Last week, we posted an essay by University of Chicago economist Allen R. Sanderson on why he thinks a “sin tax” should be levied against Division I college football. His basic point is that student-athletes essentially serve as unpaid labor, and since most of them never make it to the NFL (or end up out of the league after just a few years), the extra tax revenue should go toward supporting them in their effort to finish their education.
You responded quickly with a variety of comments and opinions; though not so many direct questions. So Allen has written a response that’s broadly aimed at some of the points brought up by a number of readers. Overall, it’s a good (and provocative) read that focuses on the bizarre economics of Division I college football.
Taxing College Football
By Allen Sanderson
First of all, thanks for all the great comments, suggestions and complaints. Good conversations!
In terms of Alex’s comment about “where’s the harm” (or the negative externality), I think the best way to look at it is not unlike the Antebellum South and slavery. To be sure, today’s Division I college athletes are not slaves, nor were they drafted; they volunteered, and expected to benefit more by playing football for Big State University than from their next best alternative. That said, the harm, returning to the slavery analogy, is that fans of football today are able to consume a product that is subsidized by the use of unpaid labor. If the price of football tickets rose by 50 percent, as did logo merchandise and TV broadcasts, and you didn’t want to buy in, then fine. But let’s put our money where our mouths is.
In general terms, yes, players do benefit. But that’s not the point. It’s the extent to which they benefit compared to the coaches and other athletic personnel that matters. For example, compare the average salary of NFL players to the average salary of the NFL coach. Then do the same thing for college football players. The Detroit Lions devote about half their revenue to players’ salaries, while down the road a few miles, the University of Michigan pencils in about 10 percent of its revenues for player “salaries.” In a competitive marketplace, these two costs would be much closer to each other. The difference gives you a rough approximation of the exploitation rate.

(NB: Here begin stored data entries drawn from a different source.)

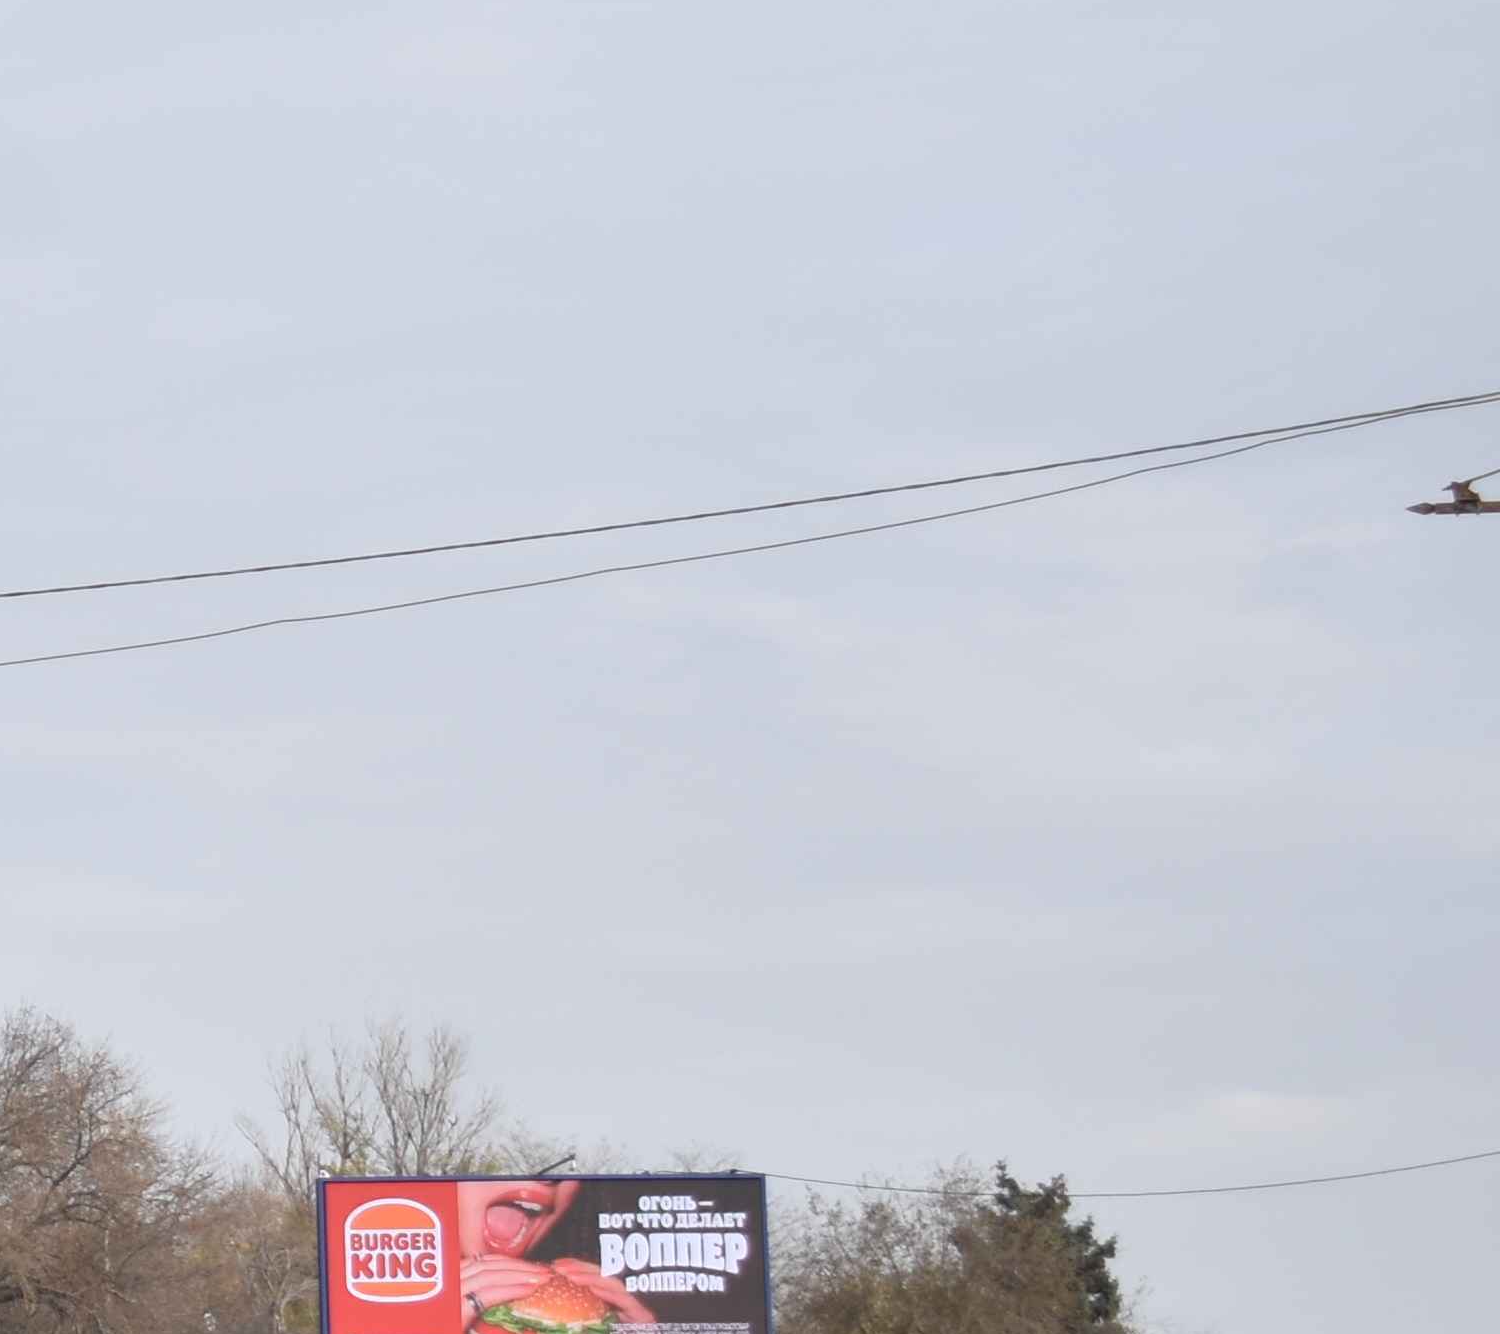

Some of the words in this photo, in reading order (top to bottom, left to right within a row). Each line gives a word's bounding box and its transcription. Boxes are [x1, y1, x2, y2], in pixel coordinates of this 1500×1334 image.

[638, 1196, 697, 1211] ОГОНЬ
[598, 1213, 635, 1229] ВОТ
[636, 1212, 674, 1229] ЧТО
[675, 1212, 747, 1229] ДЕЛАЕТ
[349, 1232, 437, 1252] BURGER
[350, 1251, 438, 1280] KING
[599, 1232, 749, 1278] ВОППЕР
[625, 1271, 725, 1293] ВОППЕРОМ

The age issue – to Michael’s comment – is an important one. I’m allowed to drop out of college, or not go at all, if I want to start a computer business in my garage, star in a Hollywood movie, or pursue whatever whim or dream I have. But the cozy relationship between the NCAA and the NFL requires that these athletes spend effectively half their useful economic lives in unpaid internships (a.k.a. athletic grants in aid) so that professional teams can do things like determine how good their knees are before drafting them. The average NFL player is only in the league for four years (actually, it’s 3.4 years, per Dubner’s conversation with NFLPA head DeMaurice Smith), which is roughly the same amount of time he spends in college before being eligible for the draft. The NFL benefits from this arrangement; the university benefits, but at some point well shy of four years, the player does not.

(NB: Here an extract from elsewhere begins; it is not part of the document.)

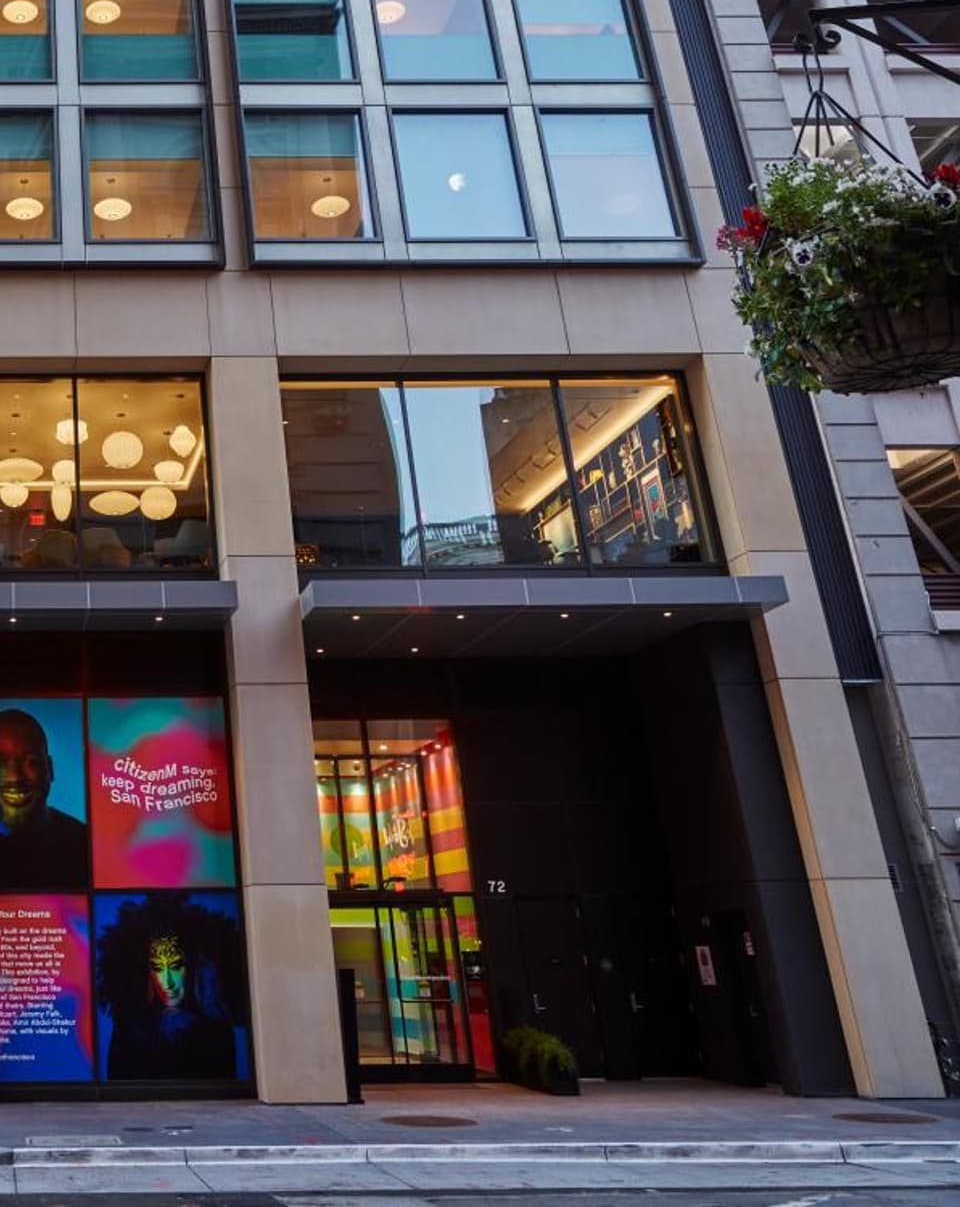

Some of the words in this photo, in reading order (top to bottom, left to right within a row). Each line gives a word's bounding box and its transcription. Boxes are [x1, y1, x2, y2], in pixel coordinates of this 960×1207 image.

To Joshua Northey’s comment, it’s much harder to sue the NCAA and colleges for collusion, than it is to sue the NFL. Not impossible, just harder. And the cartel that is the NCAA caps the players’ salaries, but can’t do the same for coaches because they’d be hauled into court (and likely lose) in a New York minute. So, coaches can sell their services to the highest bidder, while the student athlete cannot.
Take this rough example: If the American Economic Association could cap all assistant professor salaries at $50,000 a year, wouldn’t it still be beneficial to pursue a career of teaching and research? Sure, just not nearly as lucrative. Why don’t the leading 50 PhD programs join together to enact such a plan? (See the Sherman Act)
By the way, I am in favor of Title IX opportunities for women, but I’m not sure why those scholarships, and for non-revenue sports in general, have to be financed on the backs of the football and men’s basketball teams. If the institution wants to field women’s teams, great. (Plus legally it will have to.) But then why should football players fund these things? Find another source. In addition, the vast majority of NCAA football and men’s basketball players are African-American; the vast majority of NCAA volleyball, baseball, swimming, lacrosse, etc. players are white, and from middle and upper-income families. At least Robin Hood took from the “millionaires and billionaires.”
Being a football or basketball player at a Division I university is a full-time job, leaving little in the way for much of a life outside the weight-room or practice field. So the “kid” is unlikely to get anything in the way of a decent education. There aren’t that many hours in the week. Plus I’m not sure why graduation rates are a good gauge of a program’s academic side. The athlete is really only at the university to play ball. Case in point, during a nationally-televised college game last weekend, the announcer referred to a player who wanted to transfer; not because another university had a better chemistry department, but because the kid thought he could start (at QB in this case) somewhere else. Let’s stop kidding ourselves: these athletes are in college because the professional leagues require a certain period of indentured servitude.